A TORCIDA BRANCA só vai ao estádio de 4 em 4 anos. Aqui, na África do Sul, na Alemanha ou na Coreia. Onde tiver copa. A copa é um ícone de consumo. Amiúde, a torcida branca vai a Miami. A torcida branca vai aonde o vizinho for. Que, por sua vez, vai aonde a publicidade mandar. A torcida branca não tem vontade própria. A torcida branca é preguiçosa. Mas levanta cedo. Porque o pastor manda. Porque o padre manda. Pra ganhar mais dinheiro. A torcida branca sem dinheiro está no mato sem cachorro. A torcida branca só anda de metrô de 4 em 4 anos. Desde que seja a melhor maneira de ir a um jogo de futebol de copa do mundo. A torcida branca tem as mãos limpas. Ela paga pra fazer seu trabalho sujo. A torcida branca ignora as regras do jogo. Porque só vai ao campo de 4 em 4 anos. A torcida branca é ignorante. A torcida branca é sócia majoritária do estado. Mas ataca-o, para chantageá-lo. É que a torcida branca é sócia rentista, não põe a mão na massa. Por isso, ao menor boato, a torcida branca fica estridente contra o sócio administrador. Enquanto exerce seu ócio permanente. Daí que a torcida branca não gosta de feriado.
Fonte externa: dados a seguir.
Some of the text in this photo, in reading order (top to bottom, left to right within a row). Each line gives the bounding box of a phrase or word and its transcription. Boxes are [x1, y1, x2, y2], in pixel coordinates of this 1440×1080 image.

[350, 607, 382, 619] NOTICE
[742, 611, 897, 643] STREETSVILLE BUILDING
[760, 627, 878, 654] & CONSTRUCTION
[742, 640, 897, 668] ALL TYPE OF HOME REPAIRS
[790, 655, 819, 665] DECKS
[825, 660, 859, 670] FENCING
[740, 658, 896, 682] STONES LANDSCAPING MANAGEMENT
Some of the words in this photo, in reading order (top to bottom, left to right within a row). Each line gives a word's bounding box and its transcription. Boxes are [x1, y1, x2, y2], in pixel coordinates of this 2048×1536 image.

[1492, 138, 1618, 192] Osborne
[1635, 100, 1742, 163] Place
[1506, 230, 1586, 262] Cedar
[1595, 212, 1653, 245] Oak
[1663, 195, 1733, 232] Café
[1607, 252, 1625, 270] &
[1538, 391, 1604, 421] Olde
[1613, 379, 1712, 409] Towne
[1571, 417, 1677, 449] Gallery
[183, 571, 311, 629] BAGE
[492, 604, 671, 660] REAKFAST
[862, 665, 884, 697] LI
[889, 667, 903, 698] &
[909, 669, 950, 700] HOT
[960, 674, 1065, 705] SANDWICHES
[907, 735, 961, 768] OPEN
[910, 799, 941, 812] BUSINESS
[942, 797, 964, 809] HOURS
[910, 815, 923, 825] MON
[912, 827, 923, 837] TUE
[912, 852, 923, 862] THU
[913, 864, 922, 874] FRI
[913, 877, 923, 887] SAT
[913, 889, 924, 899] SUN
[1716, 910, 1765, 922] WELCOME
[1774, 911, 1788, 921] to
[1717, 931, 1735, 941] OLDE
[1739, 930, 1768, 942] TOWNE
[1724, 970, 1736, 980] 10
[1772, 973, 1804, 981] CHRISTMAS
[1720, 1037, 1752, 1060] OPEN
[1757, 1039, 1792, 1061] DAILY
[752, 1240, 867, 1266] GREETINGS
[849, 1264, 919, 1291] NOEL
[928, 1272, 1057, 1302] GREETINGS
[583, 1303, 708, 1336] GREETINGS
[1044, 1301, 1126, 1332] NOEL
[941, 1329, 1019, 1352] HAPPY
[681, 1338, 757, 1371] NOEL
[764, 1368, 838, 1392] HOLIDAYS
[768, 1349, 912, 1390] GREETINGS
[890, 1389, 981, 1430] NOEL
Porque a bolsa fecha, seu dinheiro não rende naquela noite. A torcida branca é burguesa. Bronca. Mas tem séquito. Sequazes assalariados. Estridentes. Sendo que burguesa bronca é pleonasmo. A torcida branca é bronca. E invejosa. A torcida branca é movida pela inveja. A torcida branca só compra o que o vizinho comprar. O vizinho branco da torcida branca só conjuga o verbo comprar. Comprar e babar. O marketeiro é o pastor da torcida branca. O palestrante remunerado, seu missionário. Para a torcida branca, craque é quem subjuga o adversário. Mesmo que à custa de simulação e cotoveladas. Mas a torcida branca só reconhece o craque quando ele monta na grana. A torcida branca tem colocado seus filhos em escolinhas de futebol. Isso não é bom. A torcida branca é irresponsável. Ela compra lugar na fila, alimenta o cambista, engraxa o moço da catraca. A torcida branca só quer se dar bem. Custe o que custar. Sendo que custo não é problema para a torcida branca. A torcida branca não vaia o FHC. A torcida preta, se ganhar na loteria, fica rica. E branca.